§ **Task instructions**
In the material below, identify each line bearing the word "left". Reproduce those lines.

§ **Exercise data**
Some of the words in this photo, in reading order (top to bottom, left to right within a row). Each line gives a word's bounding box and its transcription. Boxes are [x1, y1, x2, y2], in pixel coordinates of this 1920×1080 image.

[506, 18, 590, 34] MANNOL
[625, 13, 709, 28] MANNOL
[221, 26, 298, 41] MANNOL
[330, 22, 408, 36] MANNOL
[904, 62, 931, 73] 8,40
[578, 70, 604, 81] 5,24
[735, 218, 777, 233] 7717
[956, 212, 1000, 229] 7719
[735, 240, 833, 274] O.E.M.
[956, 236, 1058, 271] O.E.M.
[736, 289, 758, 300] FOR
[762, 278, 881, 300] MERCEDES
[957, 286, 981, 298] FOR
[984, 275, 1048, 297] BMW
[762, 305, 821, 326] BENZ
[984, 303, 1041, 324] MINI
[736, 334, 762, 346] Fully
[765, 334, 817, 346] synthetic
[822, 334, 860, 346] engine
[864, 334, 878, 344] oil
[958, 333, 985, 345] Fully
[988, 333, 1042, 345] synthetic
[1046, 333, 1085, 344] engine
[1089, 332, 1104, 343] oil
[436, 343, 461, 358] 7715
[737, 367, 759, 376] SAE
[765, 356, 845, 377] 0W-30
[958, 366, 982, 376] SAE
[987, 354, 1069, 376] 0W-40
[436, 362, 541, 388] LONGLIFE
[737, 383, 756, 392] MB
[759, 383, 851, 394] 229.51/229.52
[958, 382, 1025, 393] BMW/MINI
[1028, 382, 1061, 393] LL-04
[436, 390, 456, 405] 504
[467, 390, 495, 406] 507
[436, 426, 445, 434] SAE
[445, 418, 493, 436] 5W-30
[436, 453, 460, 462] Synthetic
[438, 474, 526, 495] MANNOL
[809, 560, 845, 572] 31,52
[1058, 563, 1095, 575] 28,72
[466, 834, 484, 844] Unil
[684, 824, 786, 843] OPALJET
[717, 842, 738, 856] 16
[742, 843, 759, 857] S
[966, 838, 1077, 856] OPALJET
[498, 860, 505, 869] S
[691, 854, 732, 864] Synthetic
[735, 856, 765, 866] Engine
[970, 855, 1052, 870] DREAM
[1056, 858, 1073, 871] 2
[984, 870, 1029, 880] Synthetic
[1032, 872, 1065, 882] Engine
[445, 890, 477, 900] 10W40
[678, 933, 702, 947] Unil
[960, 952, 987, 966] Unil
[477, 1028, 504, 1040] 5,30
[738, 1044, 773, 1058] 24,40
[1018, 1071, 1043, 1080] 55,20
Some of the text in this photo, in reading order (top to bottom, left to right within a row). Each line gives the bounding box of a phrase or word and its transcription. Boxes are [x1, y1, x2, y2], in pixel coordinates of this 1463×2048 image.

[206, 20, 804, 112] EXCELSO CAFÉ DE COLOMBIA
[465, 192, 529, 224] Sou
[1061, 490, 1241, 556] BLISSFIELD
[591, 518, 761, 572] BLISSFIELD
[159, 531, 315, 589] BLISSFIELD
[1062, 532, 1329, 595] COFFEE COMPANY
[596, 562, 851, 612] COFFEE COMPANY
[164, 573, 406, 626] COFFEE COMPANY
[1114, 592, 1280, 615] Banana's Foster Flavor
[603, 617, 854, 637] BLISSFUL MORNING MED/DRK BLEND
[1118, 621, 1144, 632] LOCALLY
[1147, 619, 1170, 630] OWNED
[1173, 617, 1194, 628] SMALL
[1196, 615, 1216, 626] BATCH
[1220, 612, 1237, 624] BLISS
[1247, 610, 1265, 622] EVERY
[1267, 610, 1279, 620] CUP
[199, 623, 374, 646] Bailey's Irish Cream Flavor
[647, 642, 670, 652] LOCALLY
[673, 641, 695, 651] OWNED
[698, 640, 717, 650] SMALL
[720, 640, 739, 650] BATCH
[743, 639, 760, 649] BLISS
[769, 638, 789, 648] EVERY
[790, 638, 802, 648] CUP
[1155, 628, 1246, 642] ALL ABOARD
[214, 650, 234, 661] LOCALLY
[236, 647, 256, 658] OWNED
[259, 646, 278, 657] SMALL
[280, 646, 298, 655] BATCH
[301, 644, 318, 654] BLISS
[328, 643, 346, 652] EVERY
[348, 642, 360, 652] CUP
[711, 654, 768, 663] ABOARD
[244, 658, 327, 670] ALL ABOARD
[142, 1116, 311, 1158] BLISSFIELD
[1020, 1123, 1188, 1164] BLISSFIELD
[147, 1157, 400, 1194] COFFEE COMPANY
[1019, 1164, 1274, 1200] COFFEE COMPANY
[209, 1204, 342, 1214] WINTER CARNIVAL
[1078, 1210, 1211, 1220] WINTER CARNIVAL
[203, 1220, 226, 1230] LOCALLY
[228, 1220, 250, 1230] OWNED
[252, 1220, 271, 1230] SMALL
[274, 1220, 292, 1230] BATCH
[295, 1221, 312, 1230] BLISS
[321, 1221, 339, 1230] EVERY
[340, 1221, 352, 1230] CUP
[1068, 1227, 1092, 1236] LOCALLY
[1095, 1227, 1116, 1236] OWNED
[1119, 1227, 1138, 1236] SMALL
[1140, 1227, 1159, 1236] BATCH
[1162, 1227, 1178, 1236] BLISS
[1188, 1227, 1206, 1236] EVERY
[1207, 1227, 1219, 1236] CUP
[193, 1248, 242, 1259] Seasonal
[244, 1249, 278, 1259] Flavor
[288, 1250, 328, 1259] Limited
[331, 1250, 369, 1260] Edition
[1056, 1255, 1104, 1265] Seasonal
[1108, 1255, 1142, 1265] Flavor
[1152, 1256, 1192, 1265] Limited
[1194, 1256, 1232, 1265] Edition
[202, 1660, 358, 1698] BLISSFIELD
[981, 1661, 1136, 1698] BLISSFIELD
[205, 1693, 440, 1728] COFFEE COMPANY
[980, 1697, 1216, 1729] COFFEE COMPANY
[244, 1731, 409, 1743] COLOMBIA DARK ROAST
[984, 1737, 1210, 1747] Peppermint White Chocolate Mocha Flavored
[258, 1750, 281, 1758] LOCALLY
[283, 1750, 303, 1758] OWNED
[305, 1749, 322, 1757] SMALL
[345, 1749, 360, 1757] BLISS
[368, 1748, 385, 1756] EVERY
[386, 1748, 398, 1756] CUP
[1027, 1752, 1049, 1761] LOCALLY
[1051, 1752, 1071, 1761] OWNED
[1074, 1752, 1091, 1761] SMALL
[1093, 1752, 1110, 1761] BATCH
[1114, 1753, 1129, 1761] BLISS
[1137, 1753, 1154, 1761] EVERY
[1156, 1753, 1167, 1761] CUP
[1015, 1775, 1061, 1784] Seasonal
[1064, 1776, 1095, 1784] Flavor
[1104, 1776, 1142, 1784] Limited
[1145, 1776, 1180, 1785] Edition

§ **Solution below**
Some of the words in this photo, in reading order (top to bottom, left to right within a row). Each line gives a word's bounding box and its transcription. Boxes are [x1, y1, x2, y2], in pixel coordinates of this 1920×1080 image.
Some of the text in this photo, in reading order (top to bottom, left to right within a row). Each line gives the bounding box of a phrase or word and its transcription. Boxes are [x1, y1, x2, y2], in pixel coordinates of this 1463×2048 image.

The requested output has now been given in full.